With the images set aside, retype every record below character for character.

▶ [Records supplied]:
* * * * * * *

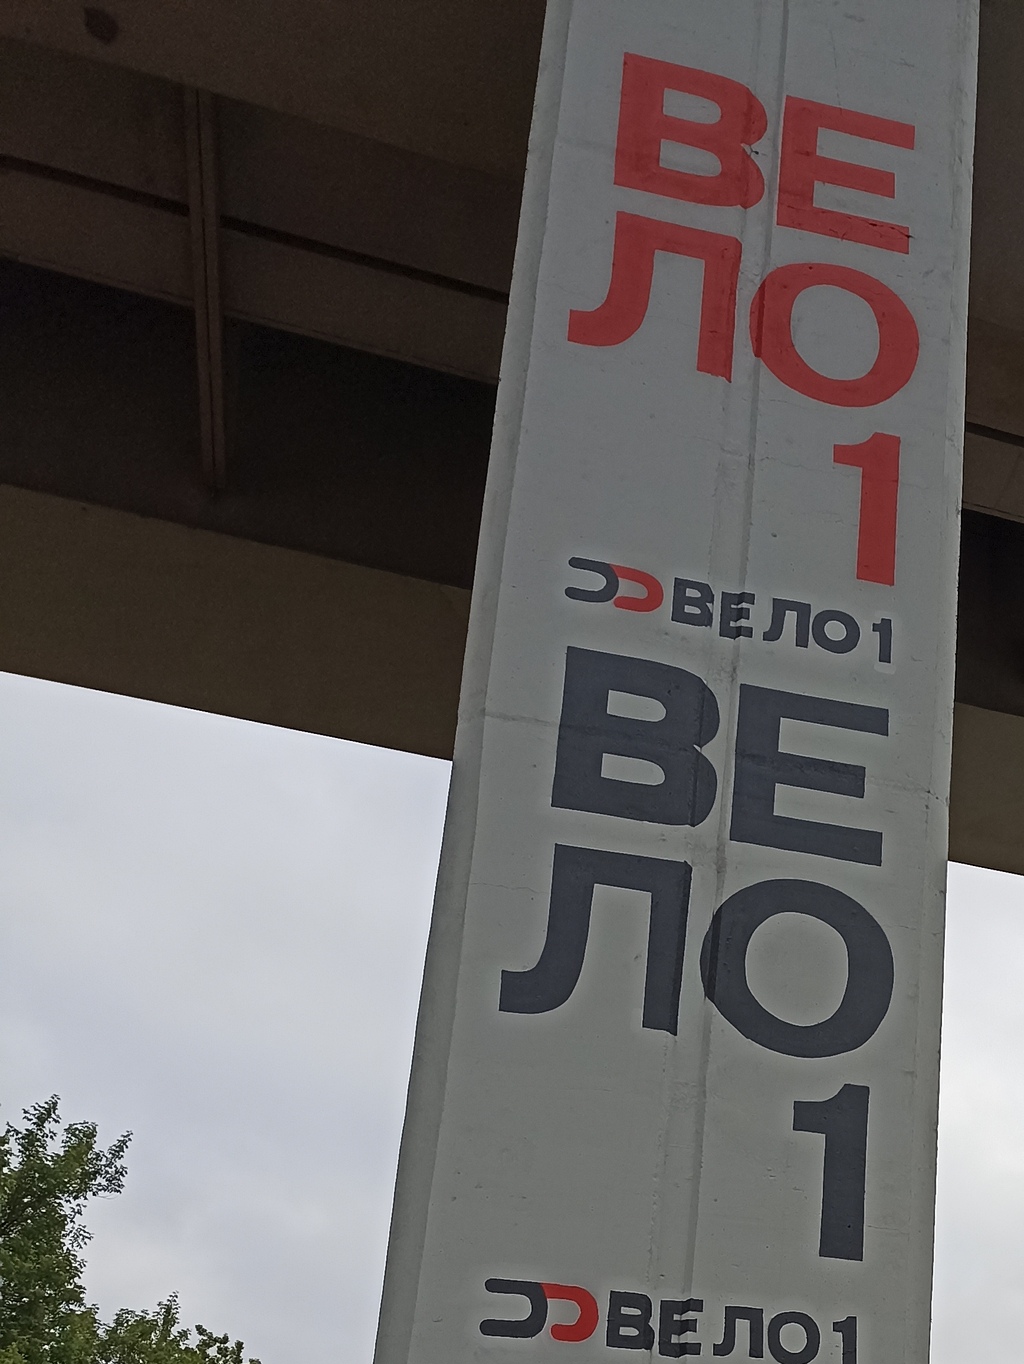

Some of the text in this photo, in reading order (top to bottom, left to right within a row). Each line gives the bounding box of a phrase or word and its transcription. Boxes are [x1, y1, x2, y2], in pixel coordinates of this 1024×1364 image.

[613, 52, 916, 255] ВЕ
[566, 210, 920, 409] ЛО
[832, 431, 901, 586] 1
[550, 645, 890, 867] ВЕ
[498, 842, 895, 1059] ЛО
[792, 1082, 871, 1262] 1

* * * * * * *

▶ [Answer section]:
Some of the text in this photo, in reading order (top to bottom, left to right within a row). Each line gives the bounding box of a phrase or word and its transcription. Boxes are [x1, y1, x2, y2], in pixel coordinates of this 1024×1364 image.

[613, 52, 916, 255] ВЕ
[566, 210, 920, 409] ЛО
[832, 431, 901, 586] 1
[550, 645, 890, 867] ВЕ
[498, 842, 895, 1059] ЛО
[792, 1082, 871, 1262] 1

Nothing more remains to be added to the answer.